= Assigned task =
Transcribe the data exactly, omitting whatever pictures it holds.

= Dataset content =
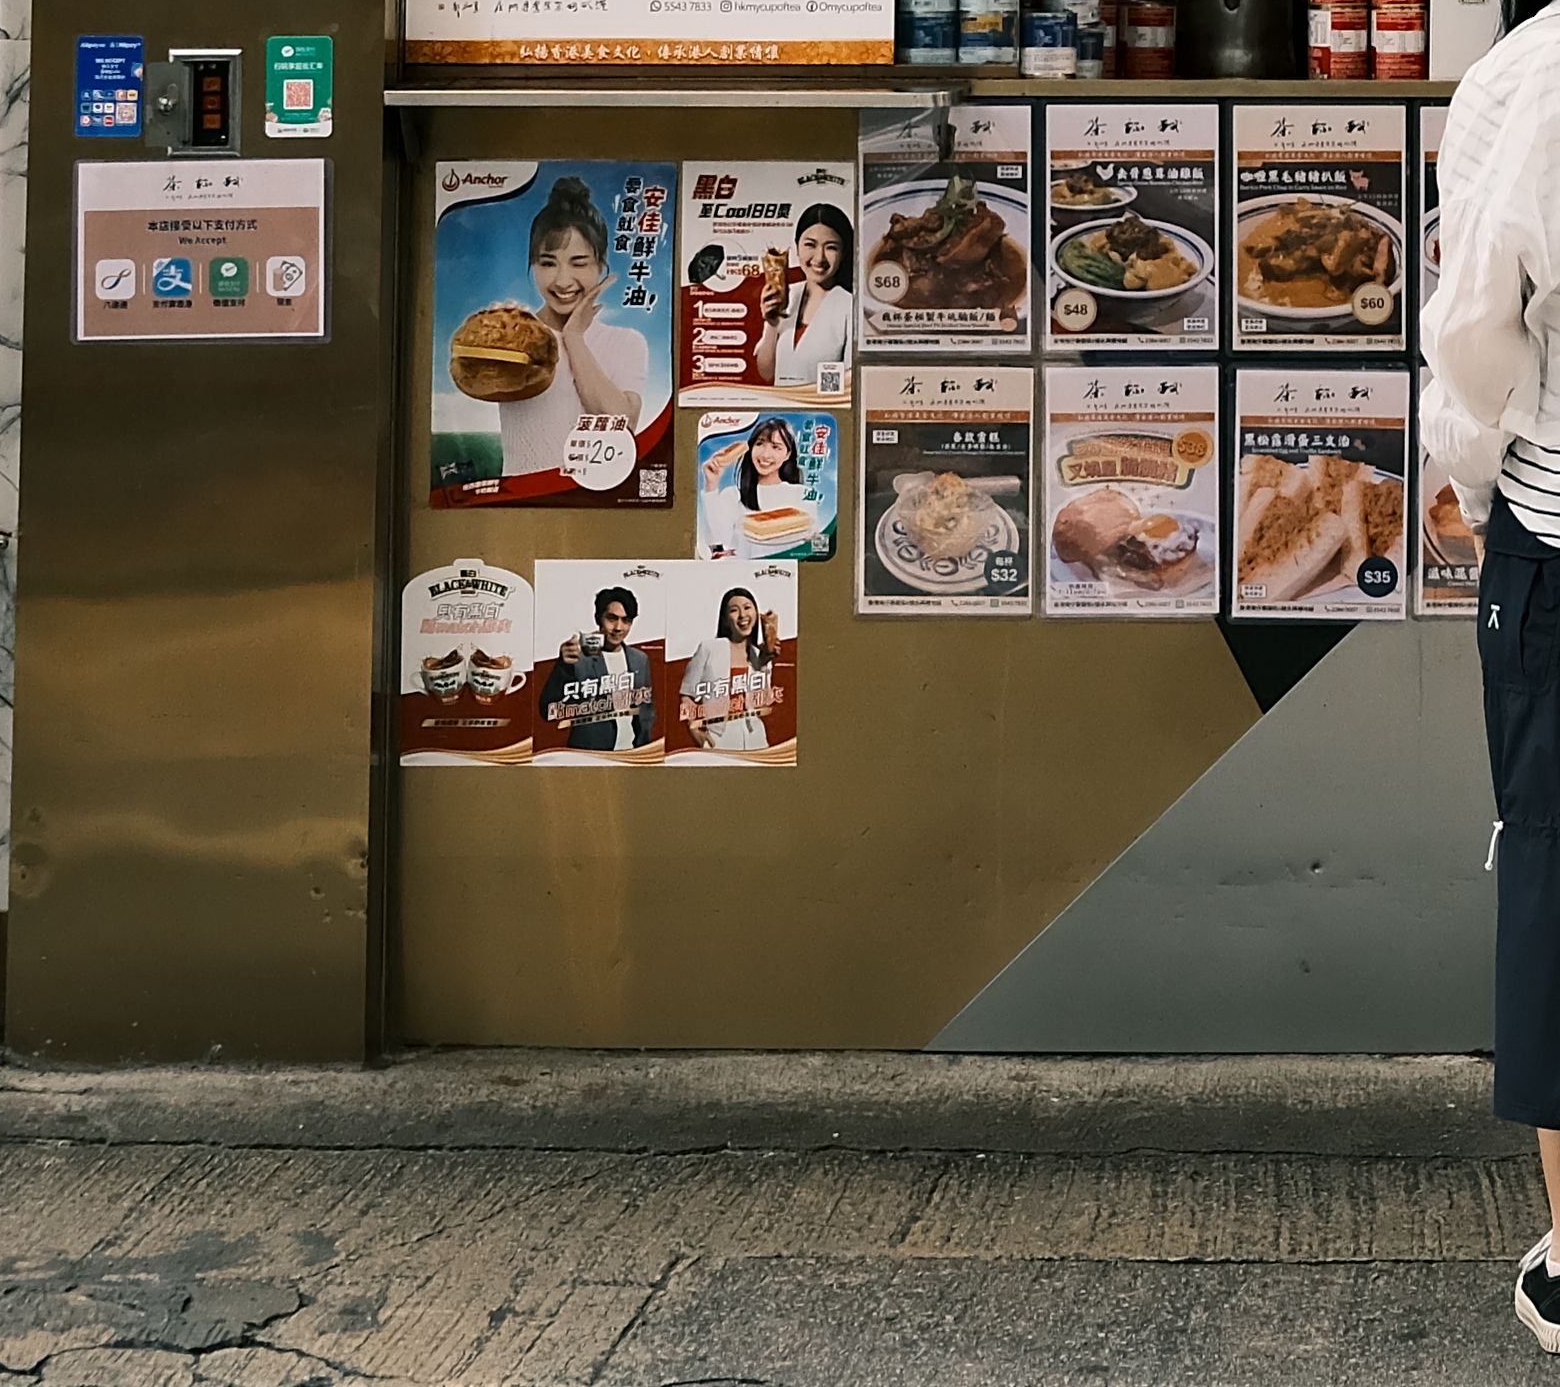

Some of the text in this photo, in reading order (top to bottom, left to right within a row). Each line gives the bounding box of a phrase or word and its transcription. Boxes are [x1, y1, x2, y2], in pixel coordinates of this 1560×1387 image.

[663, 1, 713, 12] 5543 7833
[734, 0, 802, 14] hkmycupoftea
[464, 172, 508, 187] Anchor
[692, 174, 738, 200] 黑白
[147, 219, 258, 232] 本店接受以下支付方式
[178, 235, 227, 246] We Accept
[874, 276, 901, 289] $68
[1063, 303, 1089, 316] $48
[1360, 297, 1385, 310] $60
[576, 415, 628, 433] 菠蘿油
[713, 416, 741, 424] Anchor
[991, 568, 1018, 582] $32
[1364, 570, 1391, 584] $35
[563, 672, 635, 703] 只有黑白
[695, 670, 768, 702] 只有黑白
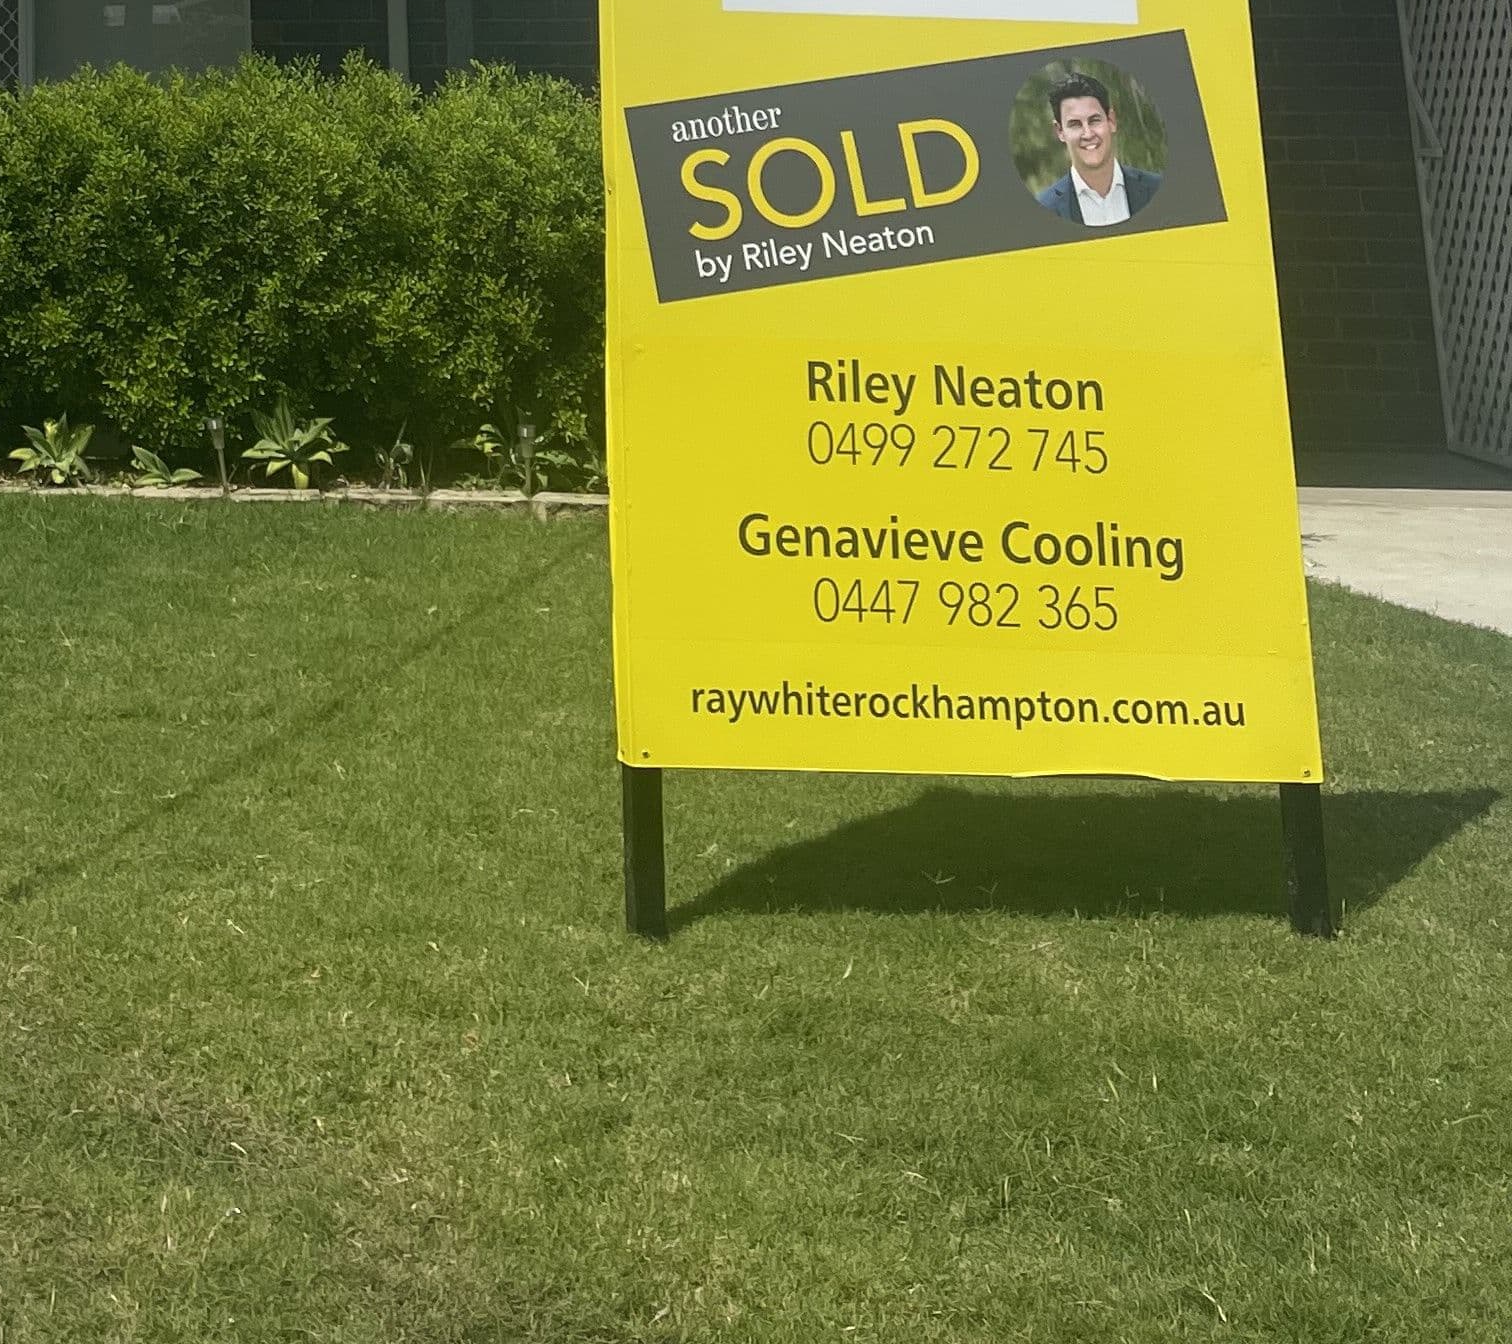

= Your solution =
Some of the text in this photo, in reading order (top to bottom, left to right within a row). Each line gives the bounding box of a phrase or word and its transcription. Boxes are [x1, y1, x2, y2], in pixel coordinates of this 1560×1387 image.

[663, 1, 713, 12] 5543 7833
[734, 0, 802, 14] hkmycupoftea
[464, 172, 508, 187] Anchor
[692, 174, 738, 200] 黑白
[147, 219, 258, 232] 本店接受以下支付方式
[178, 235, 227, 246] We Accept
[874, 276, 901, 289] $68
[1063, 303, 1089, 316] $48
[1360, 297, 1385, 310] $60
[576, 415, 628, 433] 菠蘿油
[713, 416, 741, 424] Anchor
[991, 568, 1018, 582] $32
[1364, 570, 1391, 584] $35
[563, 672, 635, 703] 只有黑白
[695, 670, 768, 702] 只有黑白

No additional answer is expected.